No shots were fired, cooler heads prevailed, but the flare-up scattered dozens of Christians who had been waiting impatiently for hours to be allowed to visit their homes in Bartilla and who had been blocked at the berm-protected checkpoint by the Iraqi military from doing so — to their distress and rising anger.
The peshmerga were frustrated, too, at the rough commands of their Iraqi counterparts. Shi’ite music blaring from a couple of Iraqi Humvees that were waved through the checkpoint aggravated tensions between Kurds, Christians and the mainly Shi’ite fighters of the Iraqi Special Forces.
"The Iraqi military is blocking our people from getting inside Bartilla," Romio Hakari, head of the Christian Bet-Nahrain Democratic Party, told VOA.
"They say it is because of security problems and of danger but that is only partly true," he added, acknowledging there remains the menace of booby-trap bombs and unexploded ordnance, as well as fierce fighting in the nearby villages of Bazwaya and Gogjali right on the threshold of Mosul. But he added, "There is an underlying mistrust and Christians fear what will happen to them and worry about the future of our ancestral towns."
Christian towns
Those fears have mounted with the flying of Shi’ite banners in towns like Bartilla, which Hakari deems "provocative." "Only the regular Iraqi army was meant to be here but it seems like there are many other forces," he said, including fighters, he claims, from the irregular Shi’ite militia Hashd al-Shaabi.
Under an agreement brokered partly by U.S. officials, Hashd al-Shaabi militiamen are meant to be fighting only on the western and southwestern outskirts of Mosul, and only regular Iraqi army troops and peshmerga are meant to be present on the eastern front here at Bartilla. The peshmerga, under the agreement, are standing aside to let Iraqi forces take the battle into the mainly Sunni Muslim city.
VOA could not confirm that Hashd al-Shaabi militiamen are present in the Christian towns of the Nineveh plains, but locals believe they are — adding to their fears about whether they will ever be able to return to their homes or, if they are, whether they will feel safe.
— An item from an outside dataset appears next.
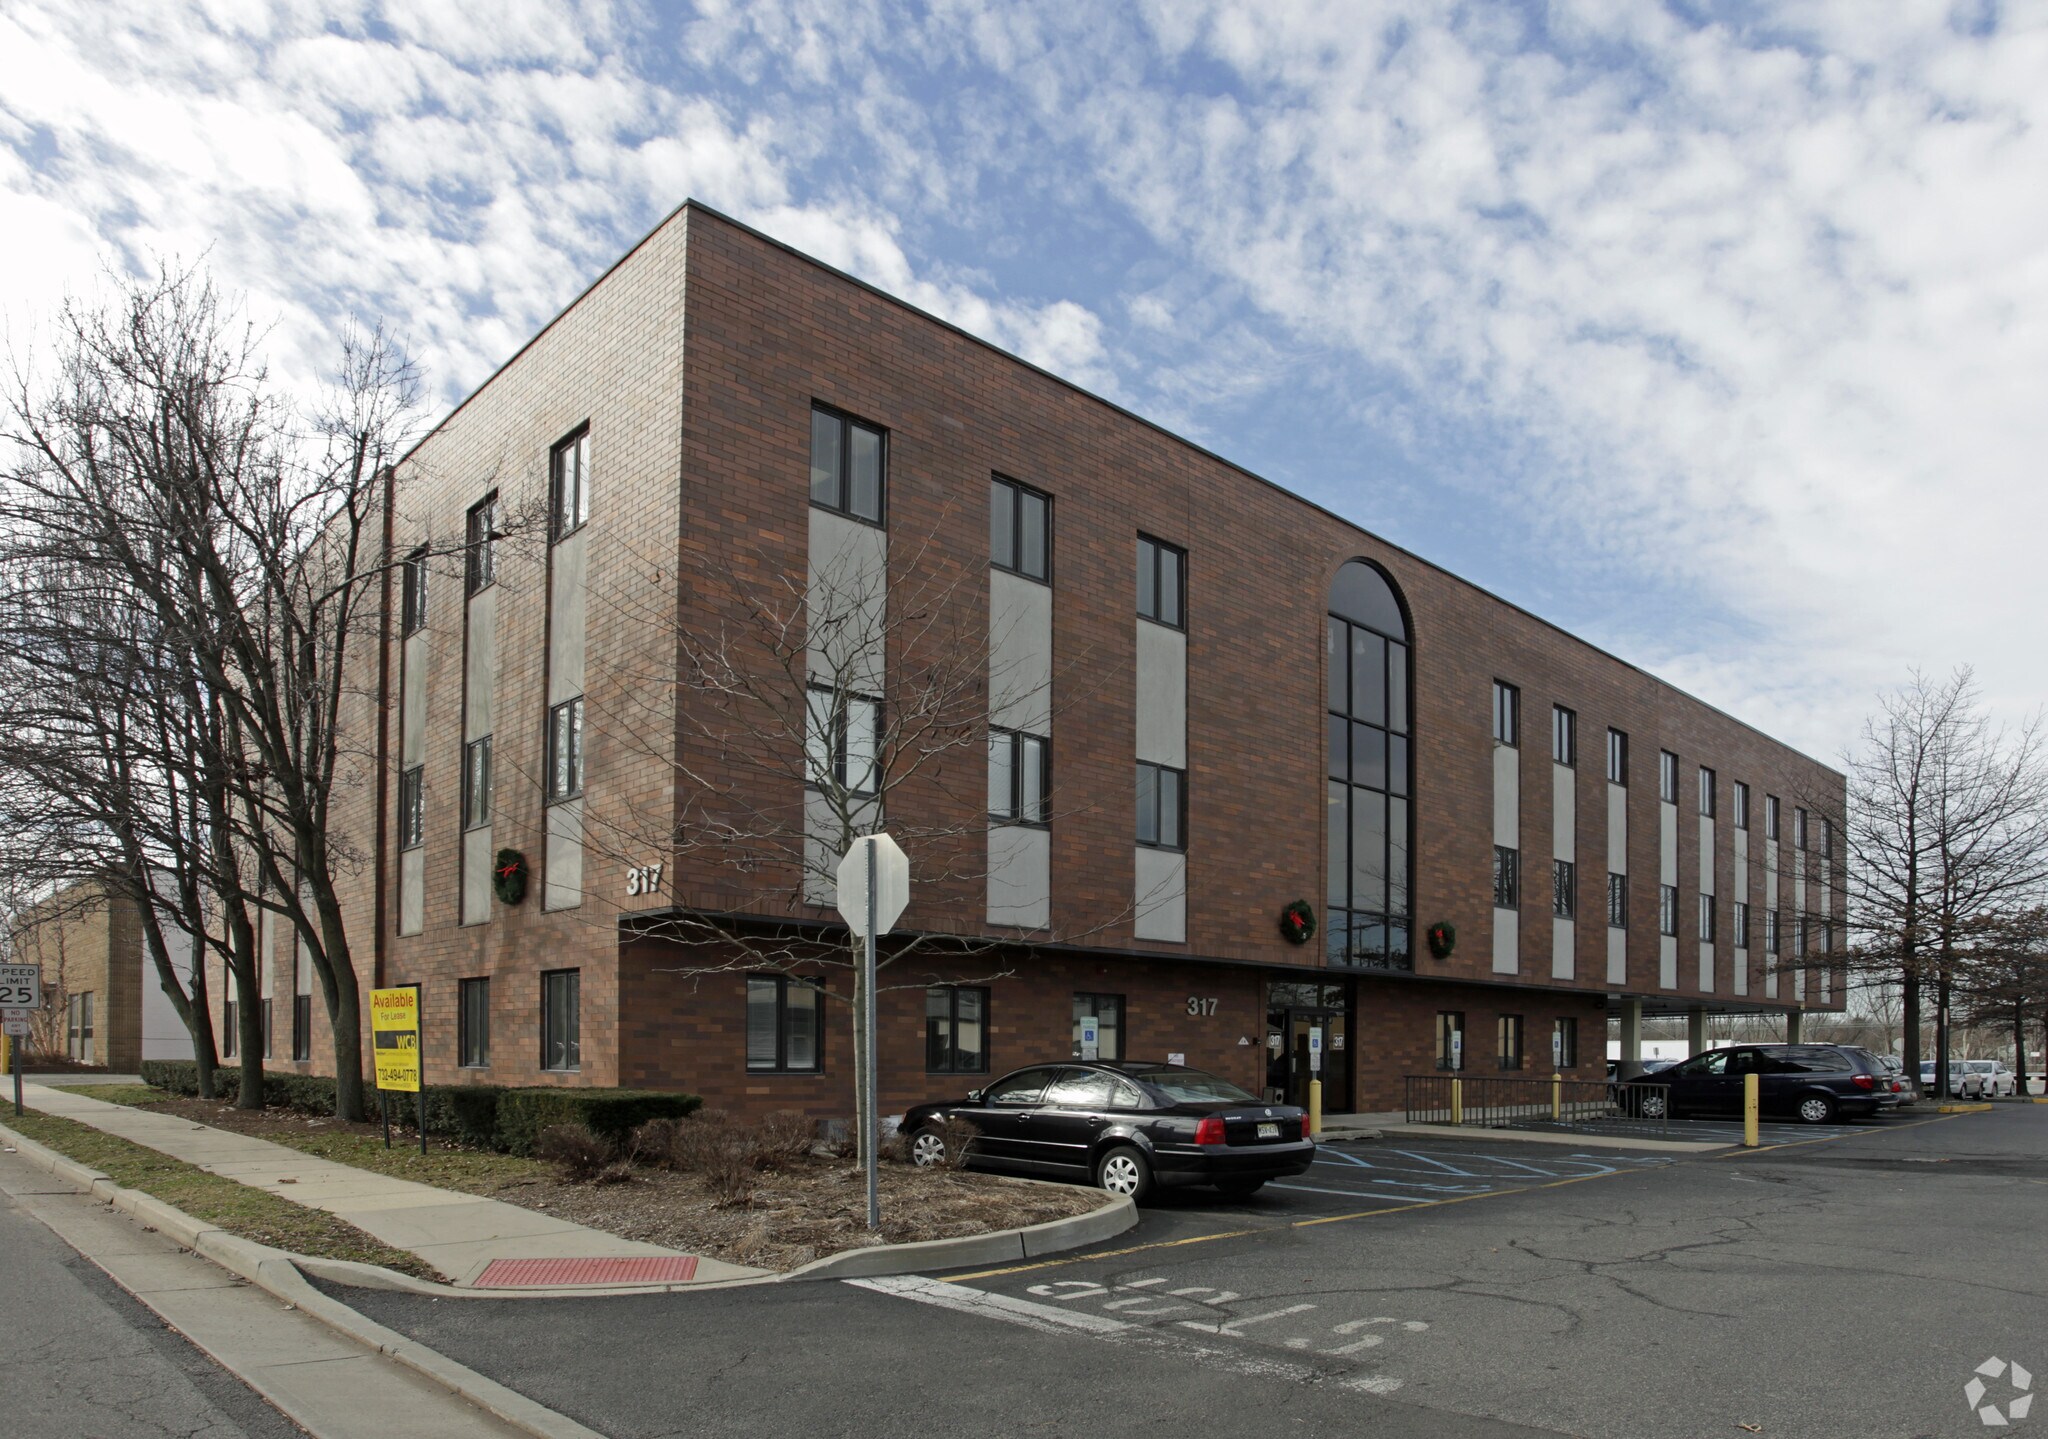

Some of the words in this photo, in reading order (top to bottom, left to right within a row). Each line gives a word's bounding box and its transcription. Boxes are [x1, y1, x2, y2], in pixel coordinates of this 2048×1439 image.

Christians had fled days and in some cases hours before IS fighters arrived in their towns and villages in August 2014. IS threatened to slaughter them. Most fled to the Kurdish capital of Irbil, settling in the Christian district of the city, Ankawa, in what ever accommodation they could find.
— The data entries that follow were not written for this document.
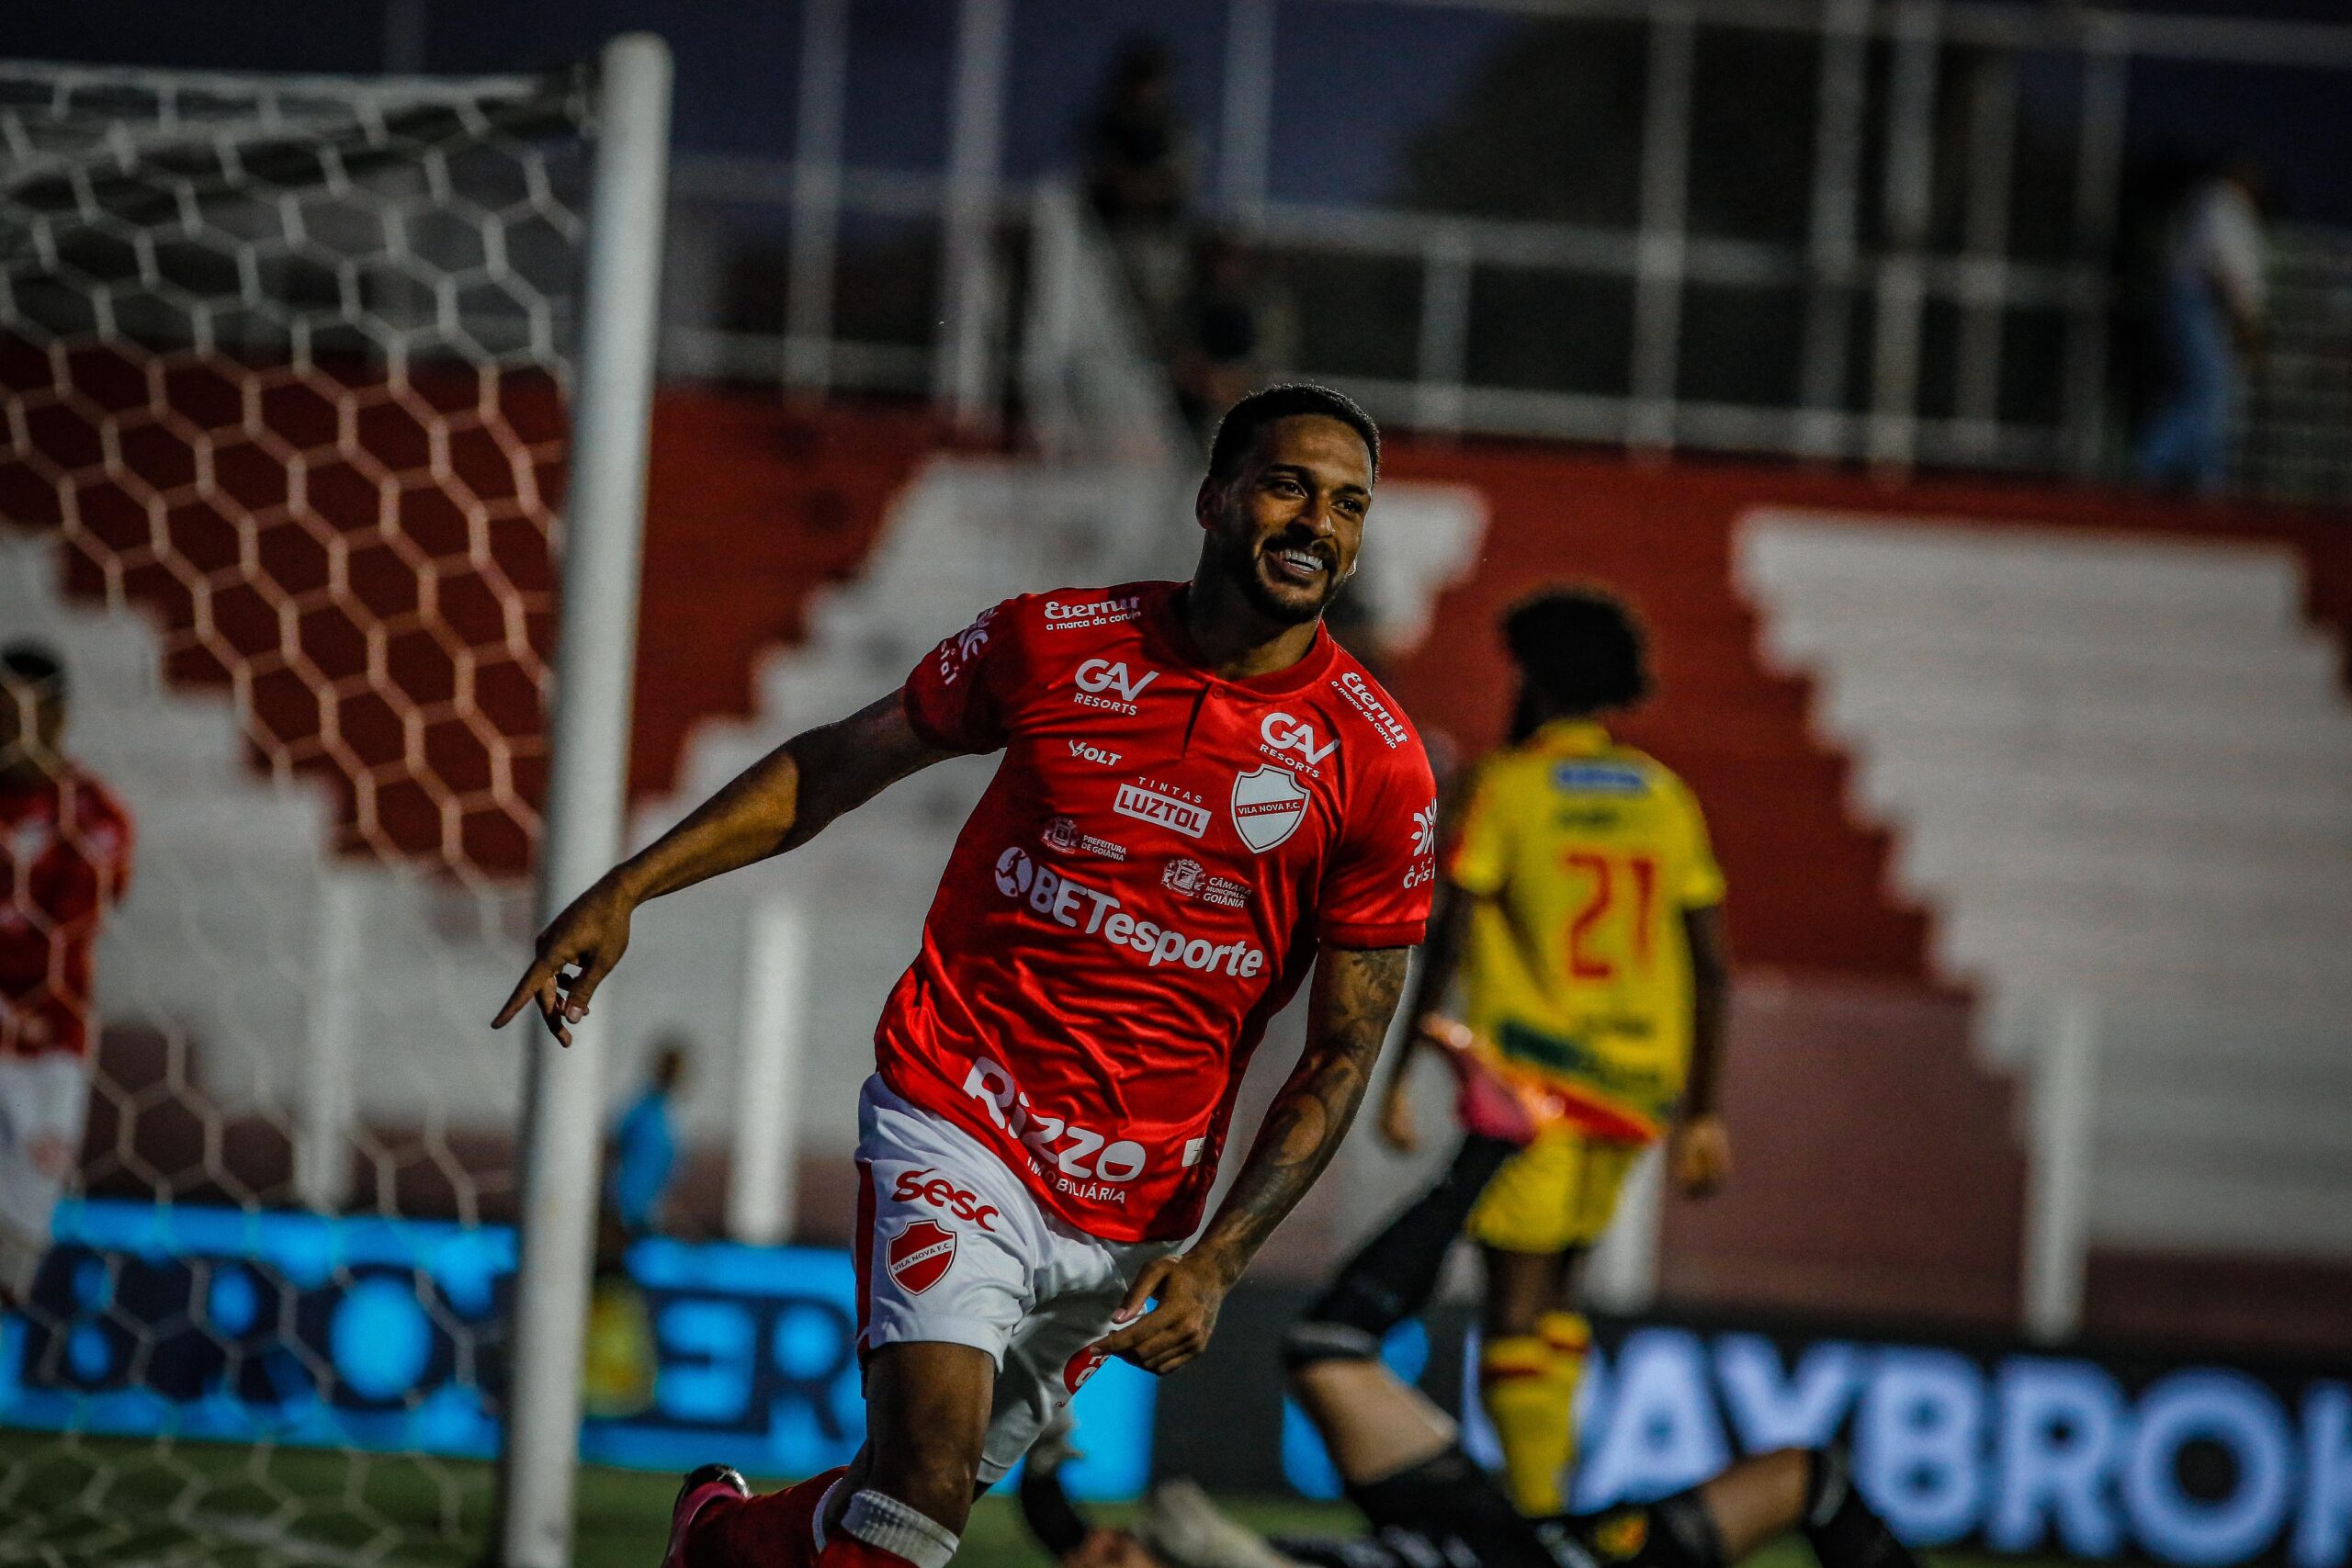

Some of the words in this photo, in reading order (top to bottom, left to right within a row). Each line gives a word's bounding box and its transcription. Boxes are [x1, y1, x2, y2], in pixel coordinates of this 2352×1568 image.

[1044, 597, 1139, 619] Eternit
[1056, 619, 1090, 630] marca
[1092, 616, 1107, 626] da
[1109, 611, 1141, 624] coruja
[1074, 659, 1160, 702] GAV
[1073, 692, 1138, 716] RESORTS
[1341, 671, 1409, 744] Eternit
[1338, 687, 1363, 711] marca
[1363, 710, 1375, 722] da
[1374, 722, 1397, 750] coruja
[1069, 739, 1122, 766] VOLT
[1261, 712, 1341, 766] GAV
[1260, 743, 1320, 778] RESORTS
[1138, 776, 1203, 804] TINTAS
[1118, 790, 1201, 833] LUZTOL
[1238, 805, 1257, 815] VILA
[1259, 803, 1284, 812] NOVA
[1285, 800, 1301, 810] F.C.
[1081, 842, 1091, 852] DE
[1091, 845, 1125, 862] GOIÂNIA
[1082, 834, 1126, 854] PREFEITURA
[1203, 893, 1245, 908] GOIÂNIA
[1205, 886, 1239, 898] MUNICIPAL
[1209, 877, 1252, 896] CÂMARA
[1029, 865, 1264, 977] BETesporte
[1564, 852, 1656, 980] 21
[963, 1056, 1147, 1182] Rizzo
[1027, 1156, 1125, 1204] IMOBILIÁRIA
[890, 1168, 1000, 1233] sesc
[893, 1259, 910, 1271] VILA
[911, 1247, 936, 1263] NOVA
[937, 1243, 952, 1251] F.C.
Some Christians say they will return to live in the region — especially if their towns and villages are incorporated into Kurdistan, but others are gloomier, arguing the days of Christianity here are over because the social fabric has been torn irreparably by IS.
In conversation with nearly a dozen Christians at the checkpoint waiting to be allowed to visit Bartilla to salvage what they can, no interviewee expressed much confidence.
"There are two problems," said Nimrud, a 54-year-old father of nine. "I would like to go back but I will only do so if we are protected, and if funds are supplied to help us rebuild — otherwise it will be too difficult," he added.
History, community
Rami, a 27-year-old who left Mosul 10 years ago because of tensions with Sunni Muslims in the city, said he has had enough. "I have seen my house on TV and it has been destroyed. I don’t think we will go back to live in the Nineveh plains; I don’t think Christians have a future in Iraq," he said.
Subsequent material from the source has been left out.